Rather than serving its intended purpose, the LCFS has become a lucrative pollution trading scheme that is incentivizing factory farm gas projects nationwide.
Where is the LCFS driving more factory farm gas?
Factory farm gas is not clean energy. It’s composed primarily of methane, a potent greenhouse gas that traps 80 times more heat than carbon dioxide.
The extraction of methane from factory farm waste does nothing to alleviate the massive harm inflicted by factory farms on local communities. The production of methane from factory farms causes public health and climate impacts— compounding the existing impacts from factory farms.
The LCFS is a California policy, but it is driving the expansion of factory farms and factory farm gas in numerous states, including:
- Arizona
- Idaho
- Indiana
- Minnesota
- Missouri
- Nevada
- New York
- Oregon
- Texas
- Utah
- Washington
- Wisconsin
View the locations of these factory farm gas projects here.

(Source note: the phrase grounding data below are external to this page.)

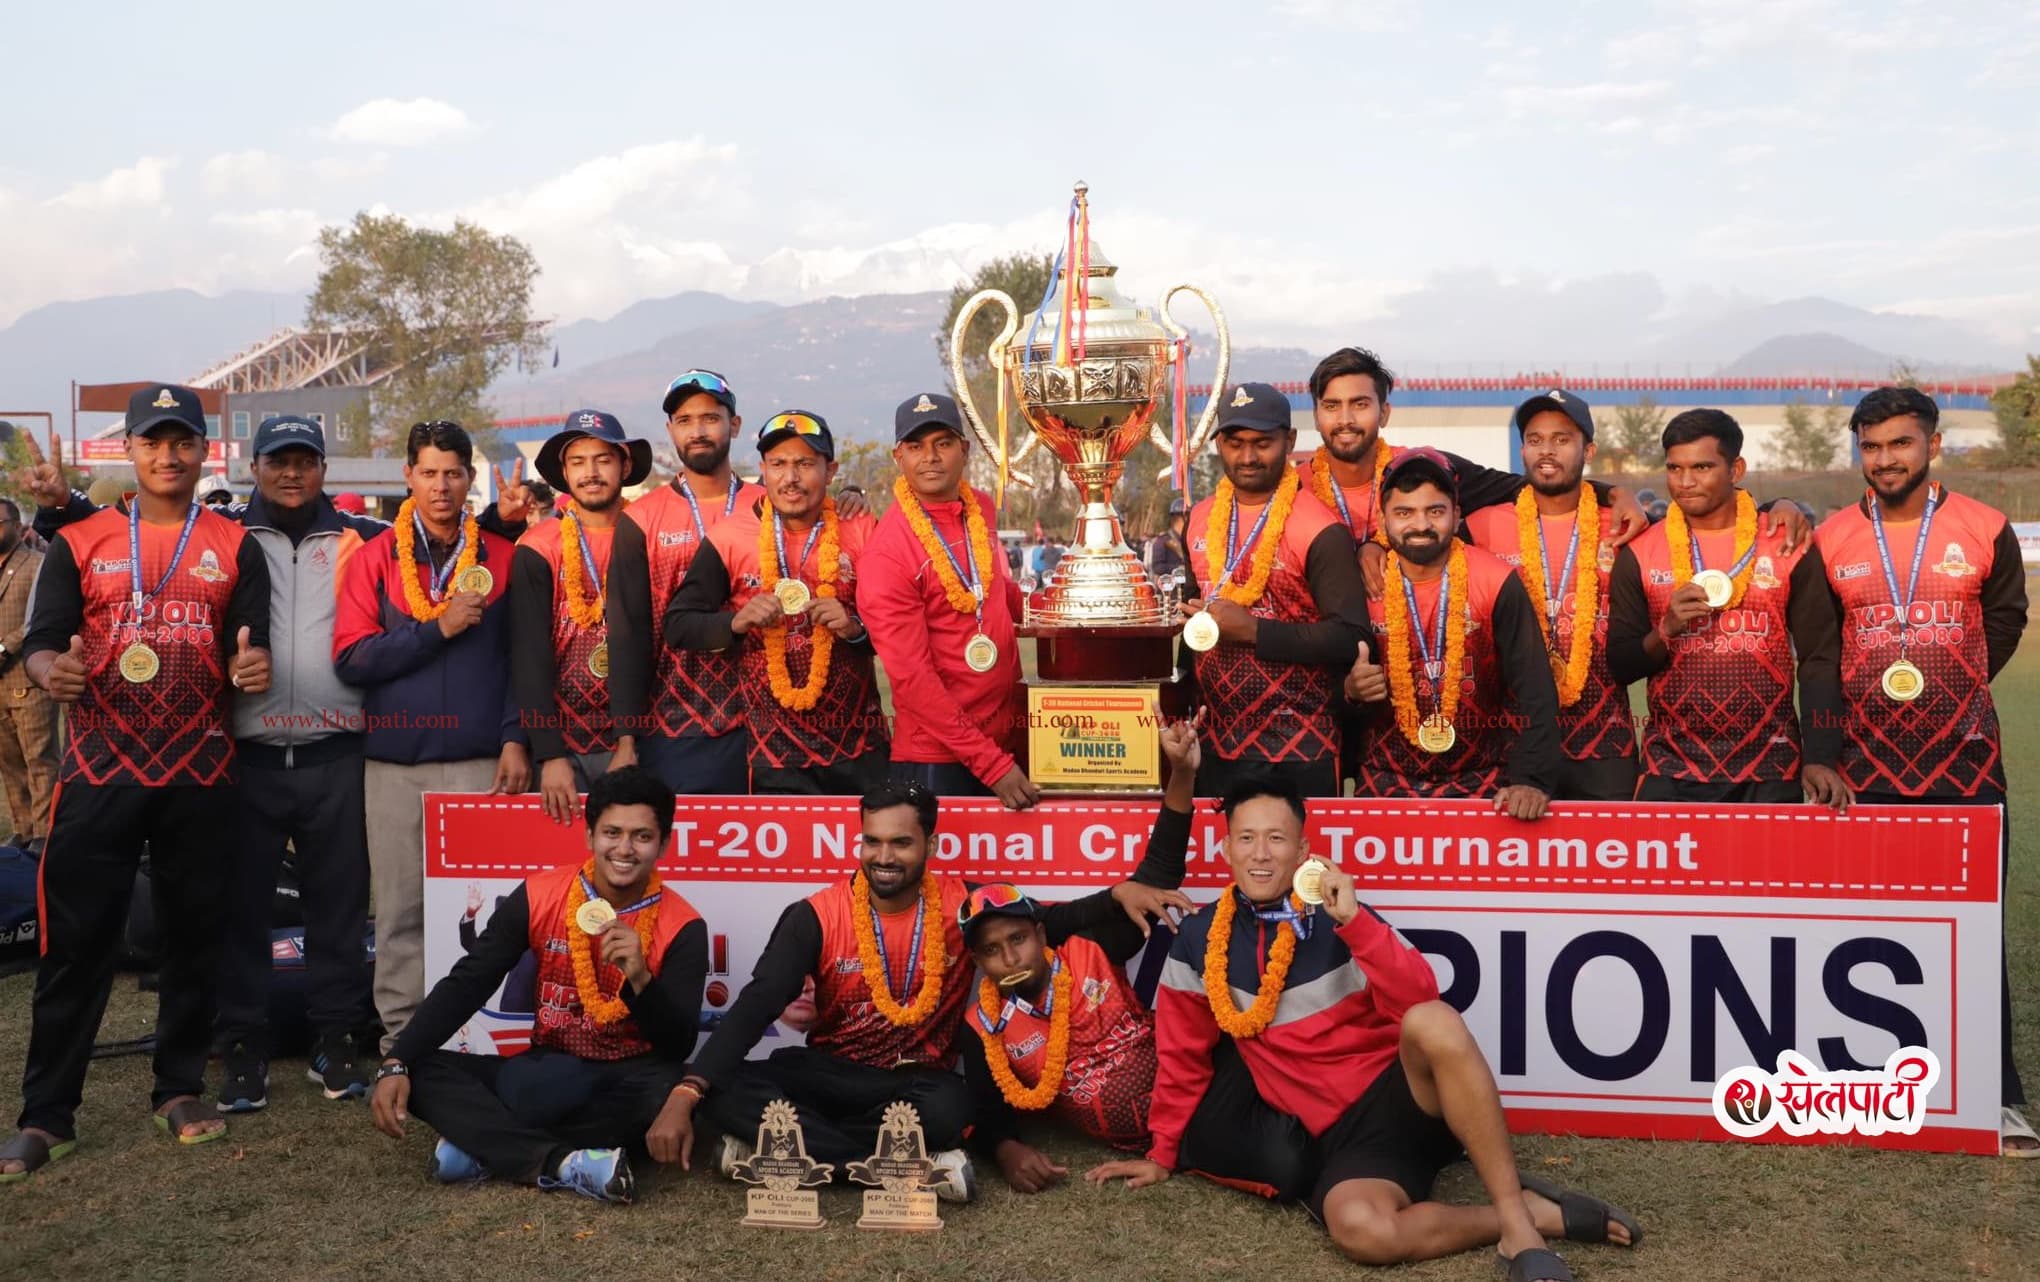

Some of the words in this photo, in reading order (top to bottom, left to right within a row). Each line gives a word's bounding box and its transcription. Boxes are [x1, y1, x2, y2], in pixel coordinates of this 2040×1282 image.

[162, 599, 213, 628] OLI
[1719, 609, 1769, 637] OLI
[1852, 603, 1898, 632] KP
[1908, 600, 1963, 627] OLI
[1855, 626, 1964, 649] CUP-2080
[1060, 742, 1126, 758] WINNER
[672, 821, 787, 858] T-20
[1320, 826, 1698, 870] Tournament
[541, 982, 582, 1011] KP
[767, 1193, 784, 1201] OLI
[884, 1194, 902, 1202] OLI

California is exporting its dirty energy policy to rural communities throughout the U.S. without regard for the local impacts. The existing LCFS rules perpetuate environmental injustice by disproportionately harming low-income communities and communities of color.
Factory farms, predominantly located in these marginalized areas, cause severe harm to our air, water, public health, rural economies, and overall quality of life.

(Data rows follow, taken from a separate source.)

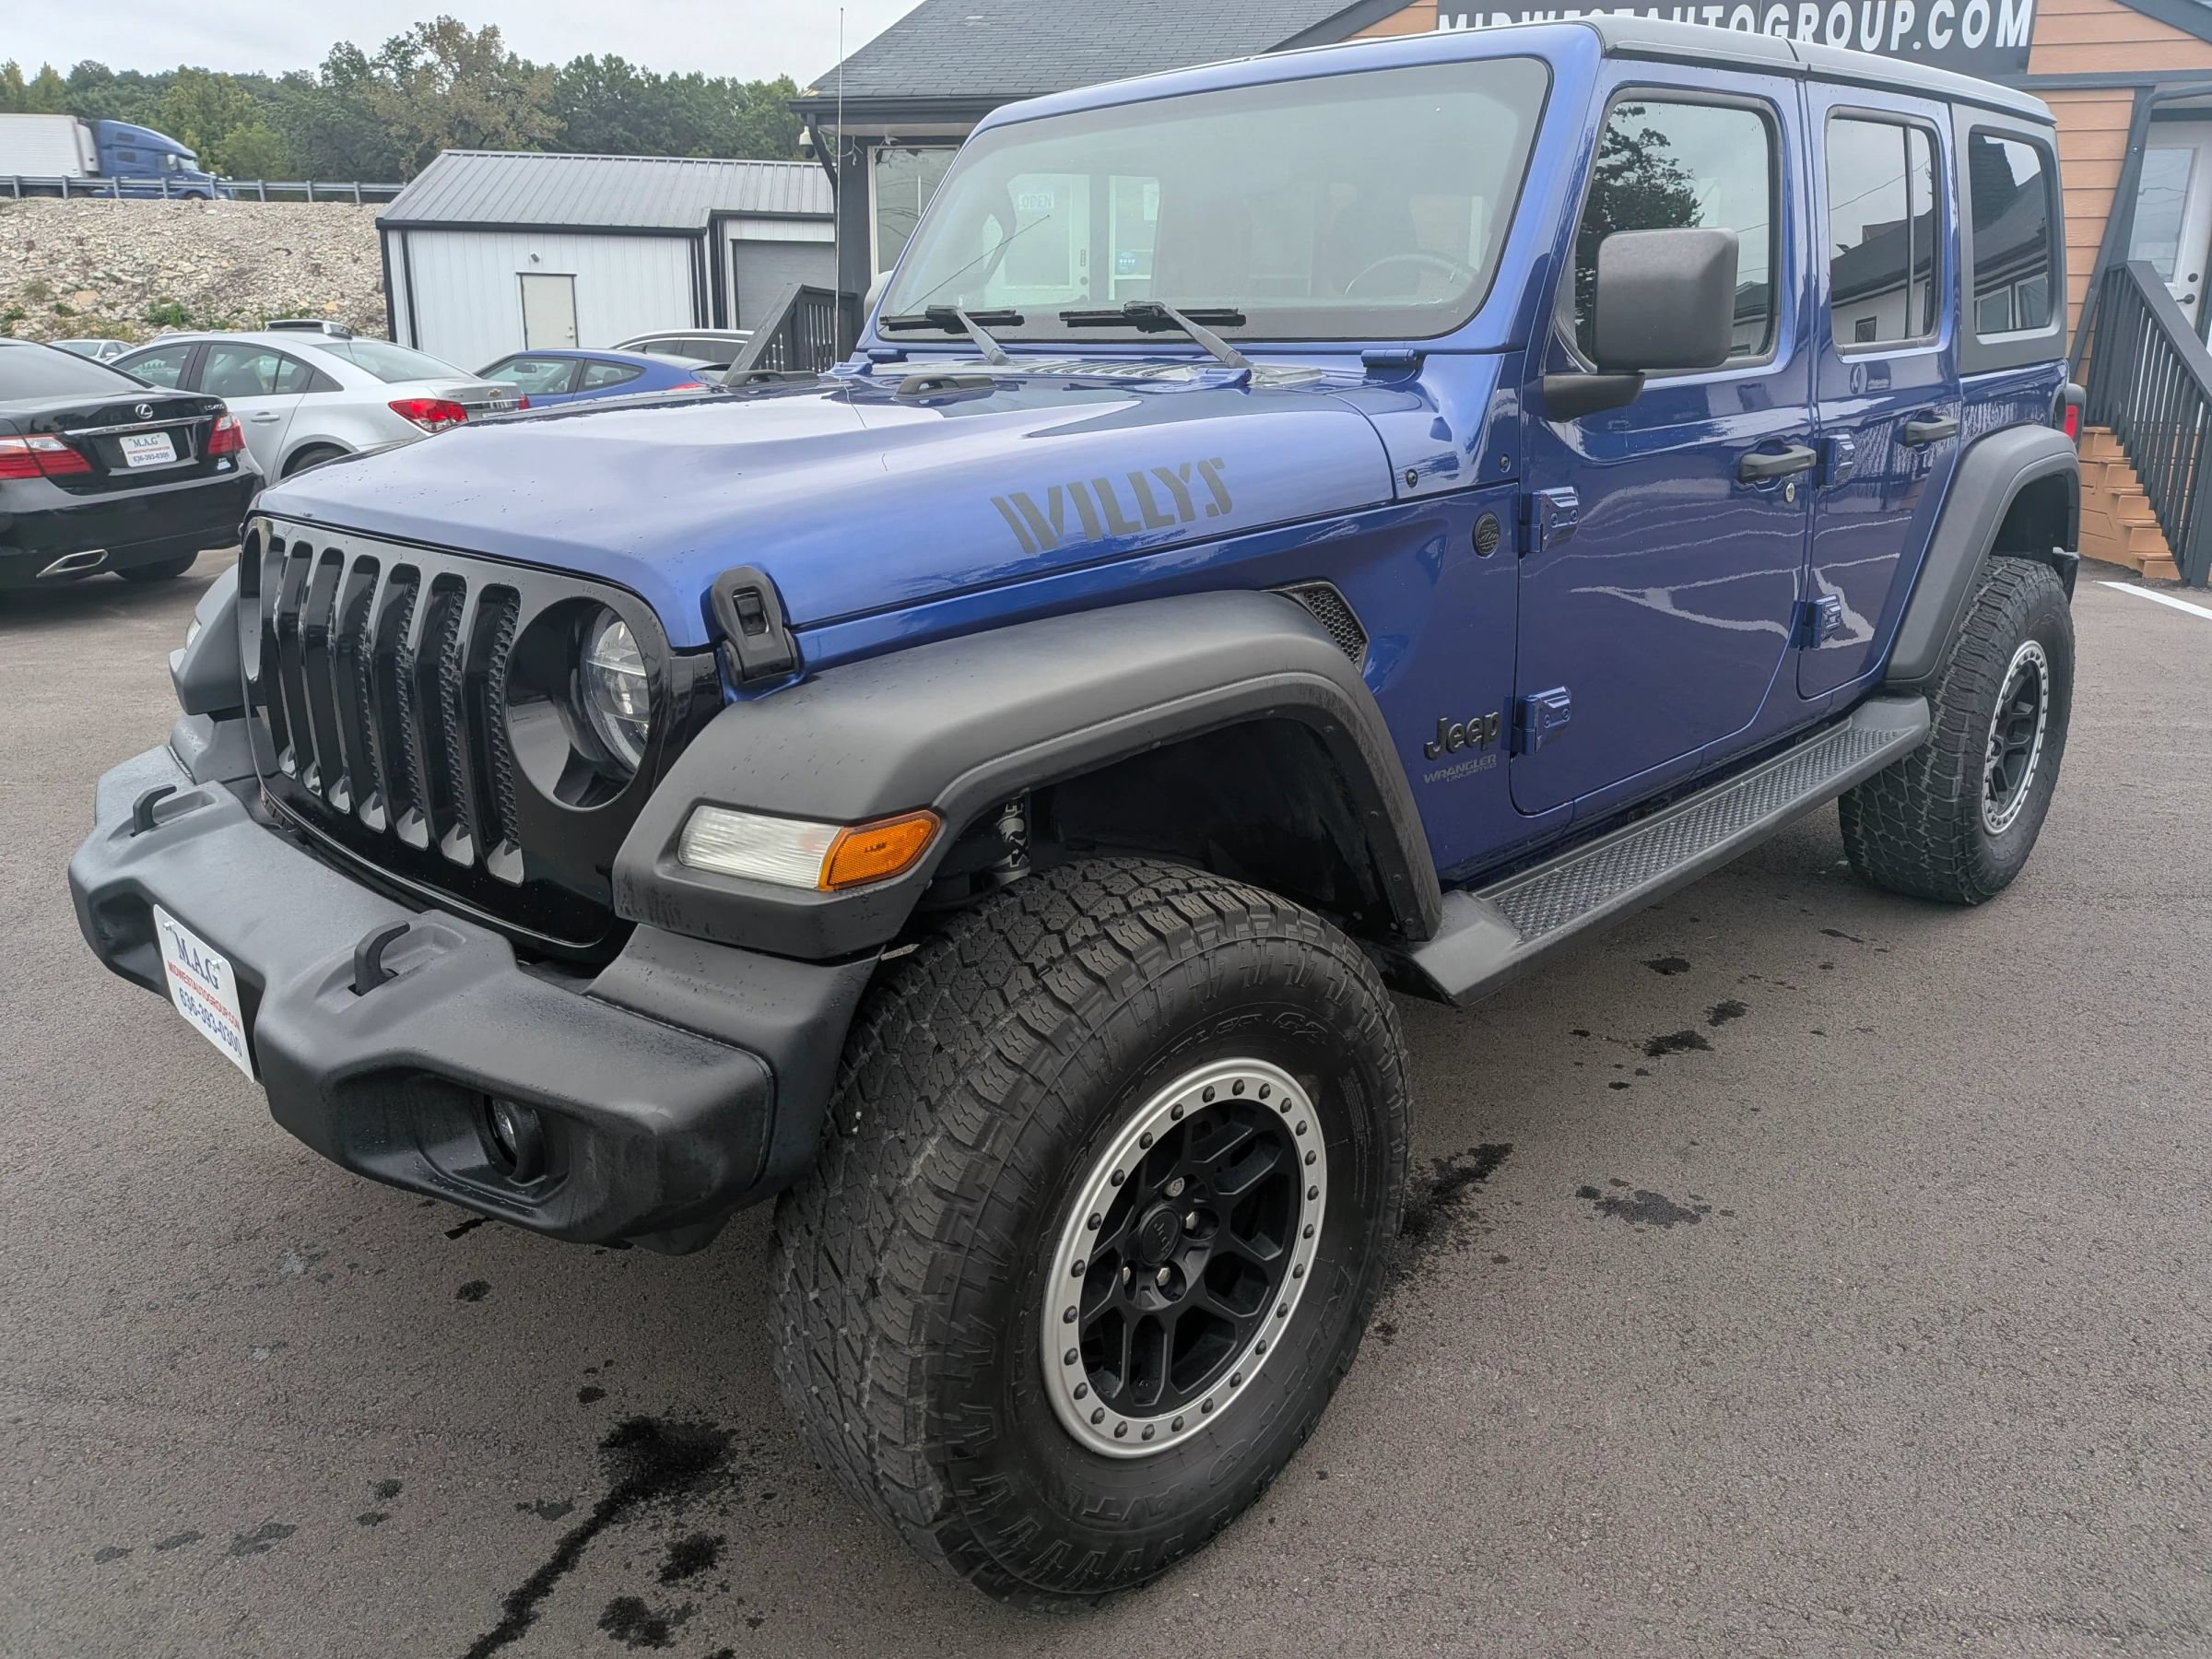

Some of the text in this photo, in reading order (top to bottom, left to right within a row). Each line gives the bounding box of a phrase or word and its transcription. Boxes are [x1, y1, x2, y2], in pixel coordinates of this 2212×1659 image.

[1439, 0, 2034, 51] TOGROUP.COM
[1021, 193, 1052, 208] OPEN
[990, 456, 1233, 554] WILLYS
[1424, 712, 1500, 760] Jeep
[1423, 754, 1497, 783] WRANGLER
[179, 986, 243, 1058] 636-393-0300

Join us in demanding action!
This year, the California Air Resources Board (CARB) has the chance to adopt new rules that would realign the LCFS with California’s environmental justice commitments and stop rewarding factory farms for their pollution.

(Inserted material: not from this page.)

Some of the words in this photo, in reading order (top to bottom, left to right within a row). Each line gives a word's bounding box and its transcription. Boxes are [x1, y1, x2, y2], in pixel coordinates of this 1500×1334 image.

CARB’s Environmental Justice Advisory Committee presented a clear alternative to the dirty status quo, and submitted a resolution calling for an end to the current LCFS policies that reward factory farm polluters.
We have an opportunity to tell CARB the decisions made in California are harming communities far beyond their state, and to stop exporting California’s bad policy to our front doors.
Not sure what to say? Get inspiration or copy/paste from this sample comment.
About SRAP
For more than 20 years, SRAP has served as a mobilizing force to help communities protect themselves from the damages caused by industrial livestock operations and to advocate for a food system built on regenerative practices, justice, democracy, and resilience. Learn more at sraproject.org.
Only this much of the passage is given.